Transfer pricing-A reputational risk?-Moore Stephens
August, 20th 2018

Multinational corporations. Exotic offshore locations. A complex industry sector. Shipping has all the ingredients to excite those looking for tax avoidance headlines, yet it has largely escaped the negative publicity that has damaged other sectors. However, this may not always be the case. Shipping is different. The system of tonnage tax means that well-established tax planning opportunities do not easily apply, leading to the suggestion that transfer pricing is less relevant than in many other industries. This reasoning may be flawed, however, or may at least be increasingly outdated. Shipping businesses should consider whether they are protected against the risk of reputational damage. Transfer pricing rules have changed in many countries and shipping groups are progressively being risk-assessed by tax authorities.

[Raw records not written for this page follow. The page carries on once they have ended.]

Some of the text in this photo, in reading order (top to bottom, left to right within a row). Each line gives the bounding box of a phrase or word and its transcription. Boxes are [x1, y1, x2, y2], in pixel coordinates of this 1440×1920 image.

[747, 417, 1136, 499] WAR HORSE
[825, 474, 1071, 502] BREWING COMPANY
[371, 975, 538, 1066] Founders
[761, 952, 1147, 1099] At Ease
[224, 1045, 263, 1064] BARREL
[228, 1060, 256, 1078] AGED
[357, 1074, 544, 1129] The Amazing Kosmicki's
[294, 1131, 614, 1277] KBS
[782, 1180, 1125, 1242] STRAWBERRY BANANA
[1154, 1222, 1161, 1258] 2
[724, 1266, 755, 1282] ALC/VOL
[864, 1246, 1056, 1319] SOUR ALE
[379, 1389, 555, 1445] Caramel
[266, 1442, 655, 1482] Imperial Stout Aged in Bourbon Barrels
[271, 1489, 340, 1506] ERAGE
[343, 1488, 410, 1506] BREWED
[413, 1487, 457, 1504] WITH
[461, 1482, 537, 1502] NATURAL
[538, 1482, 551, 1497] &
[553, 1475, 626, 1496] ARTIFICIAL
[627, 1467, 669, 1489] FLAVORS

Tonnage tax and other shipping tax regimes render transfer pricing less of an issue, but here are a few examples that pose real risks for shipping.

1. Transactions that involve services. For example, management or other services subcontracted or recharged between group companies. Are your arrangements properly documented and do they reflect commercial reality?

2. Are loans or funding between group companies on an arm’s-length basis?
Does the split of taxable profits between entities and countries reflect the economic substance of the business?

3. If the answer to any of these questions is ‘no’, it is recommended that a review is undertaken given the shipping sector is coming under greater scrutiny. If the transfer pricing rules are not properly complied with, there could be time-consuming HMRC enquiries, interest on unpaid tax and penalties based on unpaid tax.